- **Problem requirements**:
In the data below, find the line containing "this 1600×899 image." and the line containing "Some of the words", then reproduce them and every line between, exactly. Omit pictures.

- **Available records**:
►
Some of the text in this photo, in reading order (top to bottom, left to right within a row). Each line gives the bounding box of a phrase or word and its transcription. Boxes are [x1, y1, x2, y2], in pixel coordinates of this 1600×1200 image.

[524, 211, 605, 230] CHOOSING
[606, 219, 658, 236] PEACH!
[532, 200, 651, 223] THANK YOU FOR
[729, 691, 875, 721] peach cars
◄
►
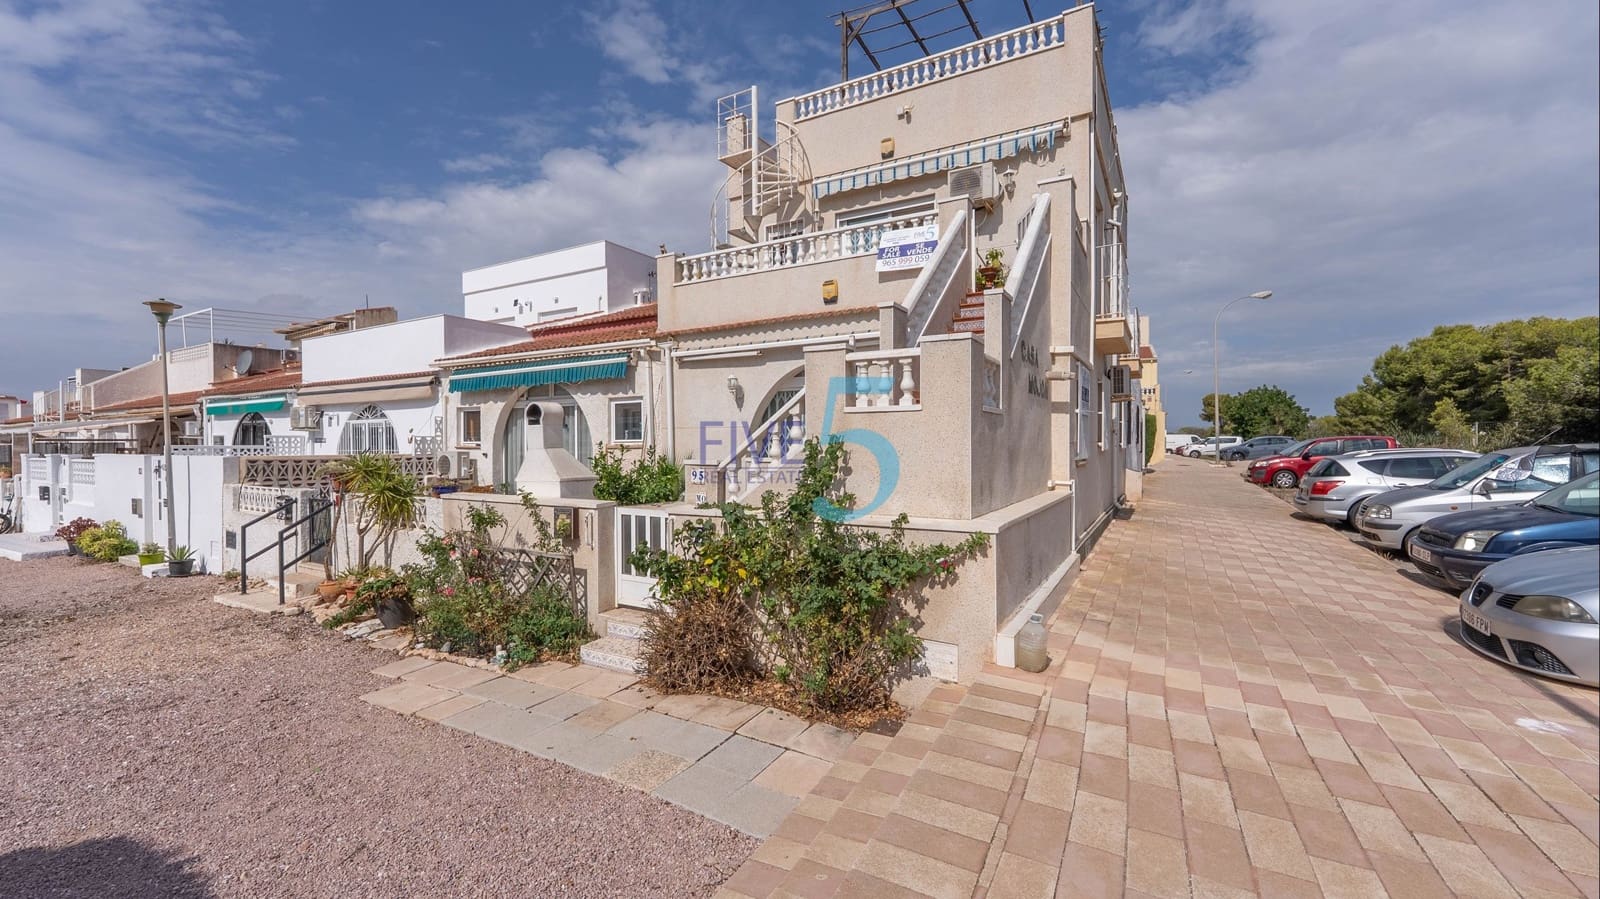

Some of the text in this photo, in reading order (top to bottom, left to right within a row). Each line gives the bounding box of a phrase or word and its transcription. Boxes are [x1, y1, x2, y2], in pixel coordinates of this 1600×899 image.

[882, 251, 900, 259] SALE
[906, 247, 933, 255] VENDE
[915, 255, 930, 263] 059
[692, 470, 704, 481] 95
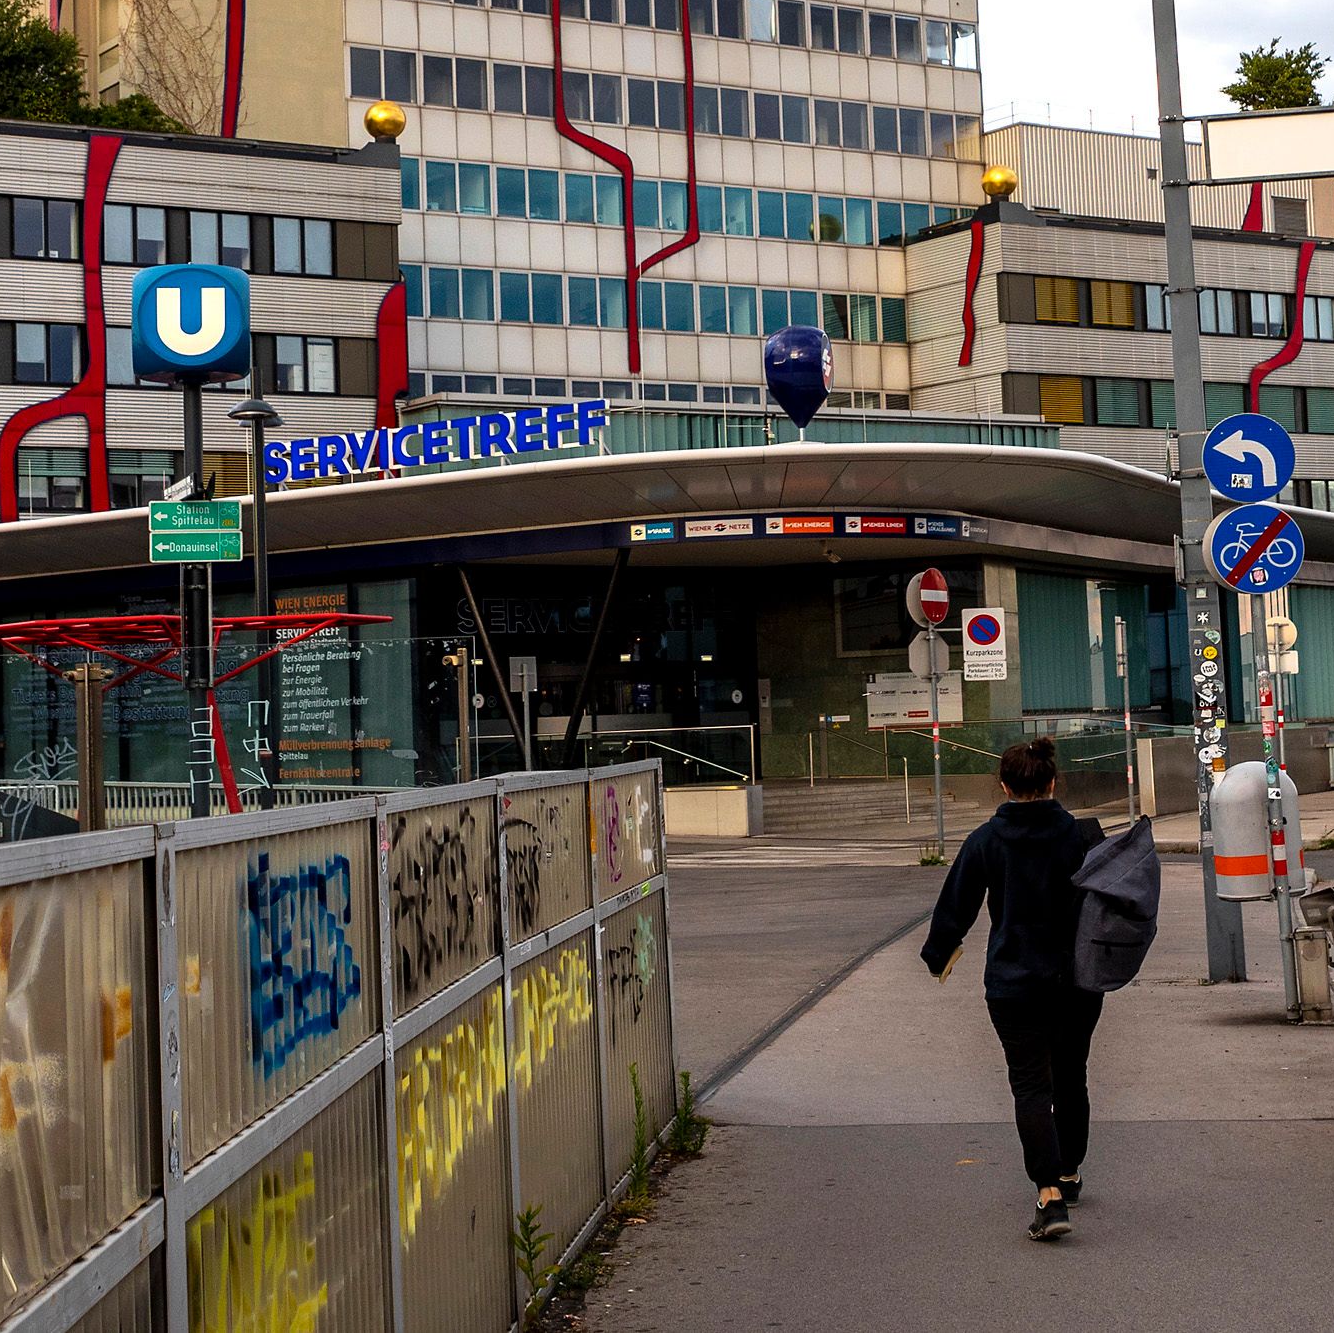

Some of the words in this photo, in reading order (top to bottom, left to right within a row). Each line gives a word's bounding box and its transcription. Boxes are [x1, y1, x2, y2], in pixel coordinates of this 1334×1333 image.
◄
►
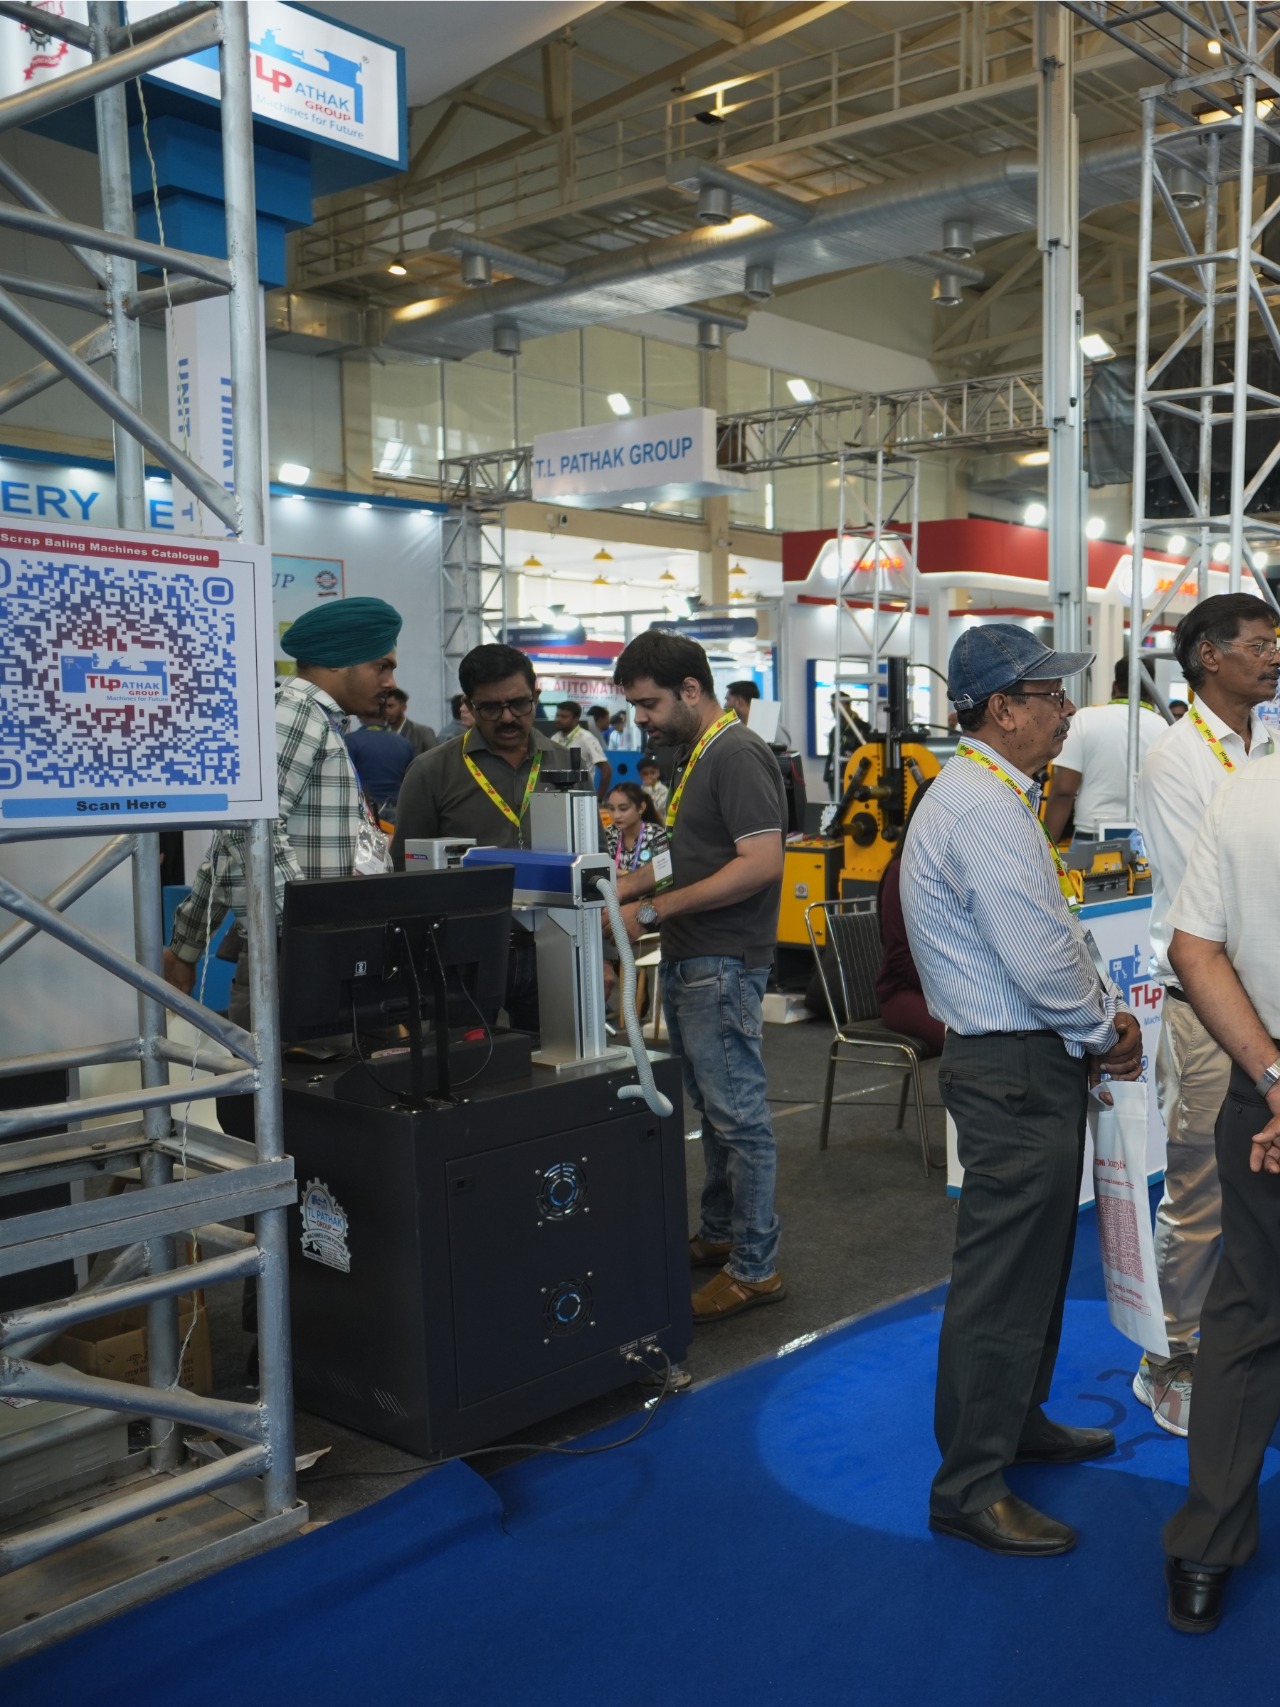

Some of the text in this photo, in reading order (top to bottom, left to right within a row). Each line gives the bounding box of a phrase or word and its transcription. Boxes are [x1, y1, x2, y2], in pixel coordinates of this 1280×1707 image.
◄
- **Reply to the exercise**:
Some of the text in this photo, in reading order (top to bottom, left to right within a row). Each line gives the bounding box of a phrase or word and its transcription. Boxes are [x1, y1, x2, y2], in pixel coordinates of this 1600×899 image.

[882, 251, 900, 259] SALE
[906, 247, 933, 255] VENDE
[915, 255, 930, 263] 059
[692, 470, 704, 481] 95

Some of the words in this photo, in reading order (top to bottom, left to right within a row). Each line gives a word's bounding box and its transcription. Boxes are [x1, y1, x2, y2], in pixel coordinates of this 1334×1333 image.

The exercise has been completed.